*** Data to process Section Begins ***

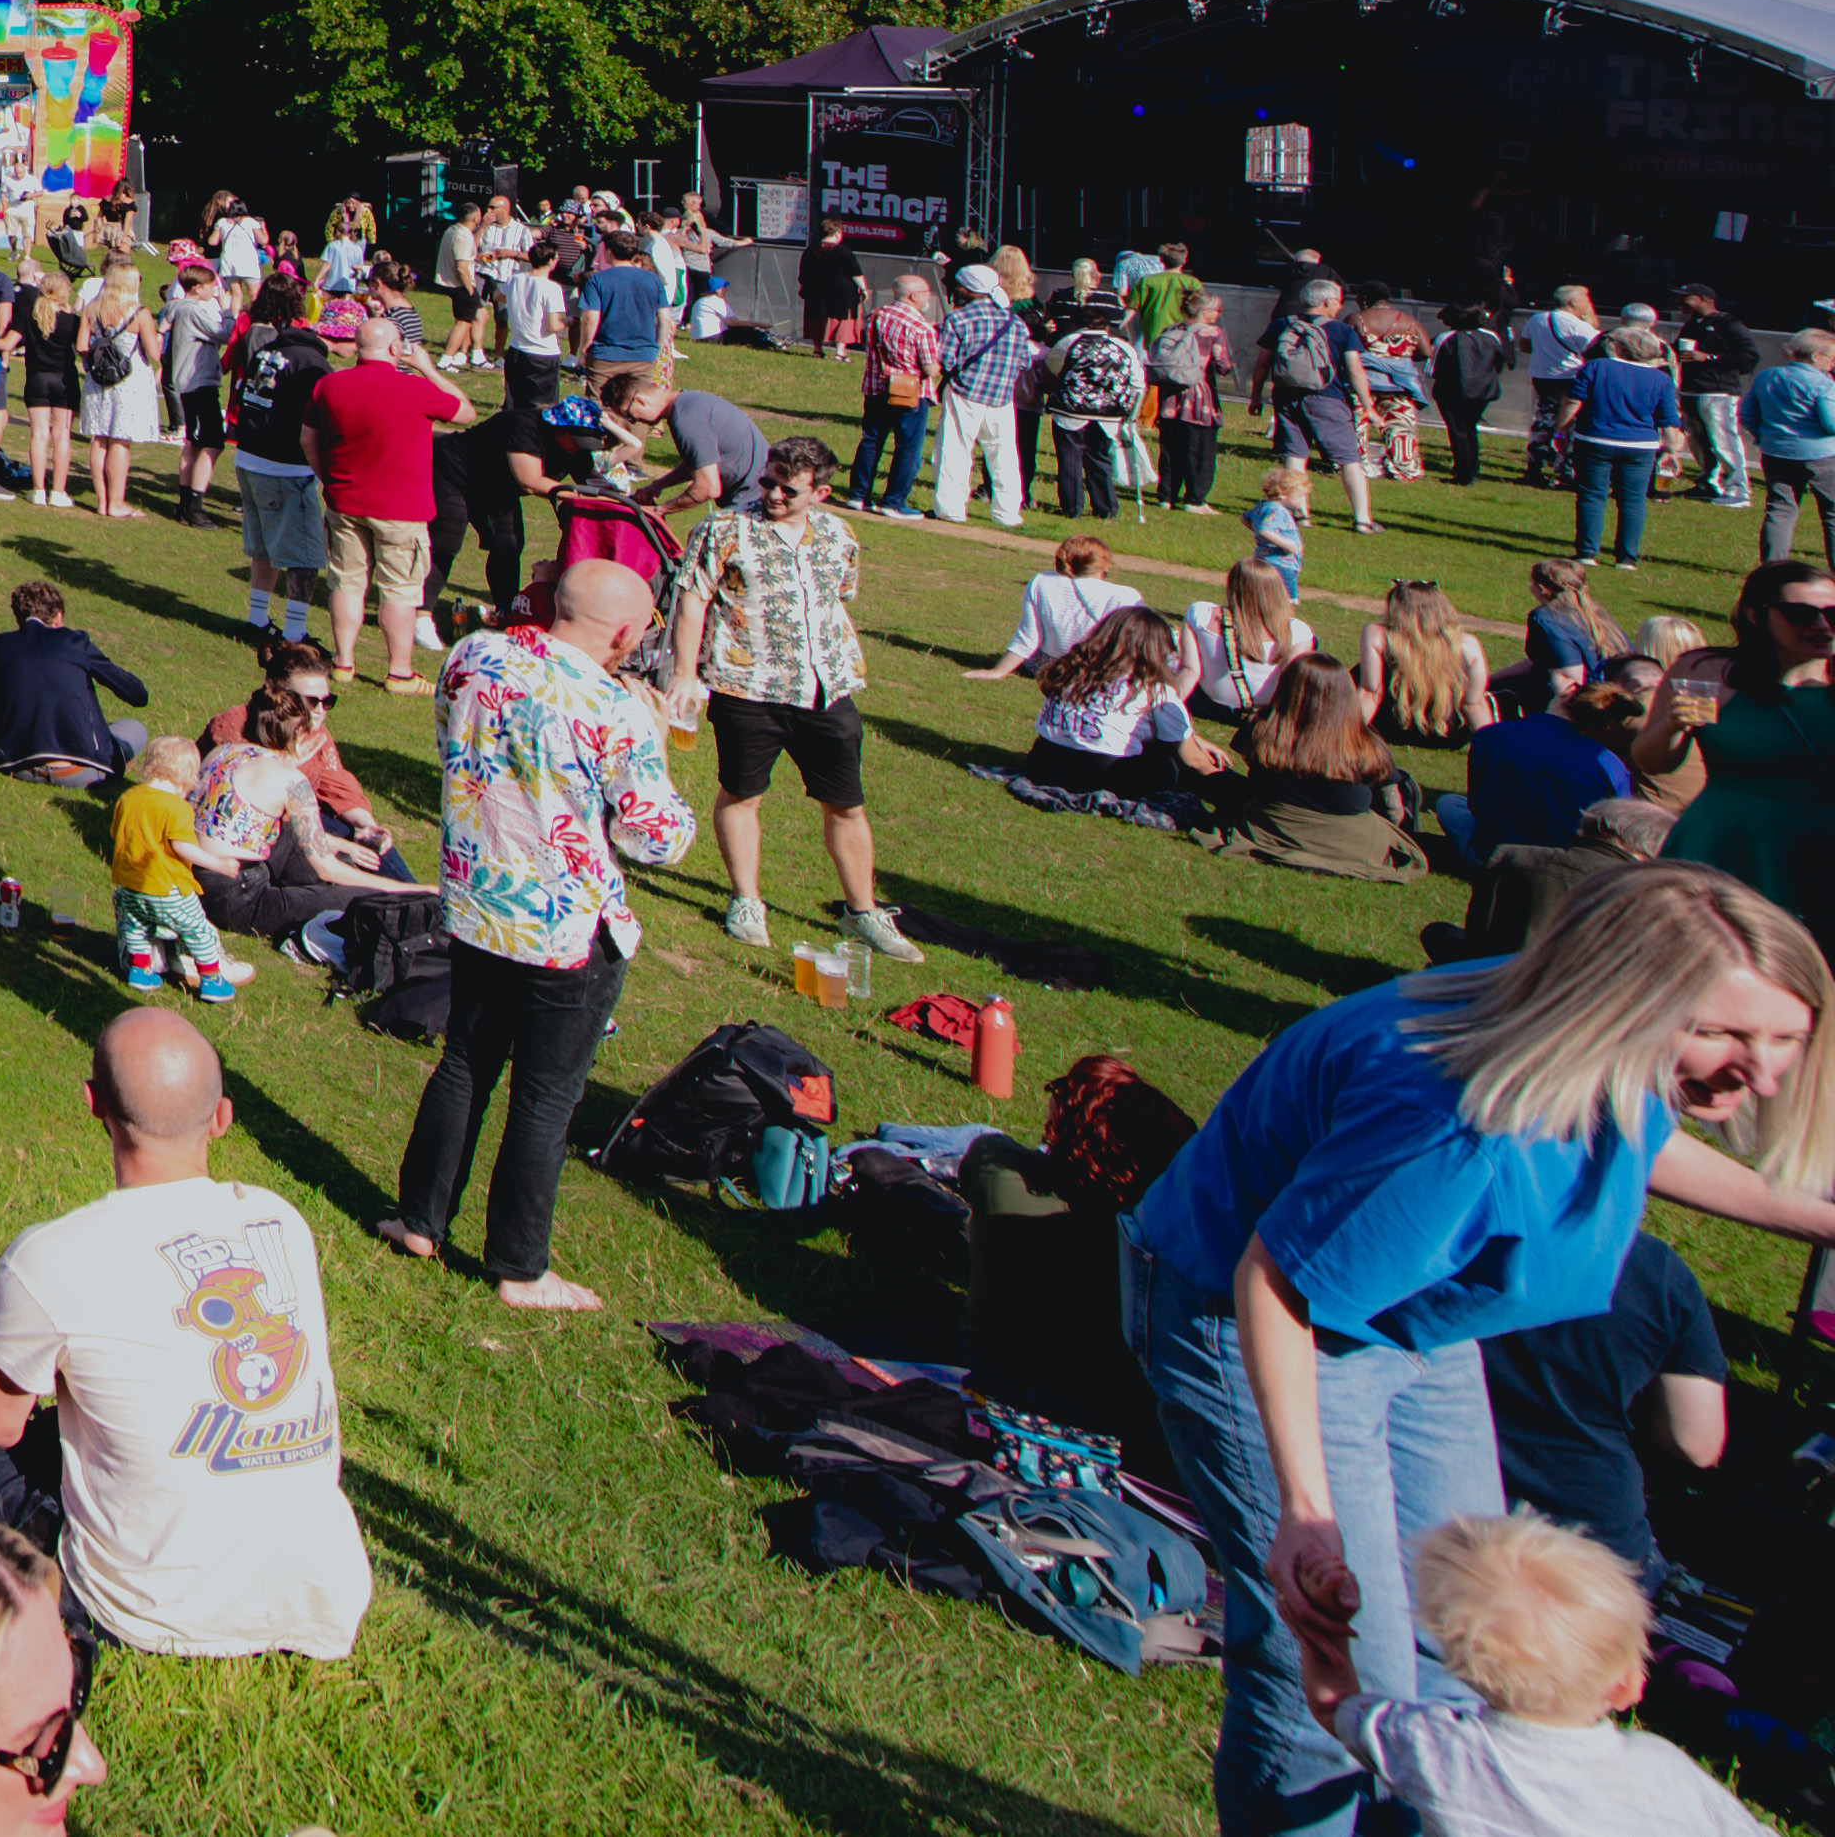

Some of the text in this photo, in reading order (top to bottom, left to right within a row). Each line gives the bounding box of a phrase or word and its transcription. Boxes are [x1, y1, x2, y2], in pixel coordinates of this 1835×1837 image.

[9, 89, 26, 99] UP
[1606, 97, 1835, 149] FRING
[447, 181, 493, 195] TOILETS
[821, 160, 888, 190] THE
[821, 188, 948, 224] FRINGE
[238, 1442, 325, 1468] WATER SPORTS

*** Data to process Section Ends ***

Work to complete
Copy every line of the listing above exactly. Leave each picture out.

Solution for this task
Some of the text in this photo, in reading order (top to bottom, left to right within a row). Each line gives the bounding box of a phrase or word and its transcription. Boxes are [x1, y1, x2, y2], in pixel coordinates of this 1835×1837 image.

[9, 89, 26, 99] UP
[1606, 97, 1835, 149] FRING
[447, 181, 493, 195] TOILETS
[821, 160, 888, 190] THE
[821, 188, 948, 224] FRINGE
[238, 1442, 325, 1468] WATER SPORTS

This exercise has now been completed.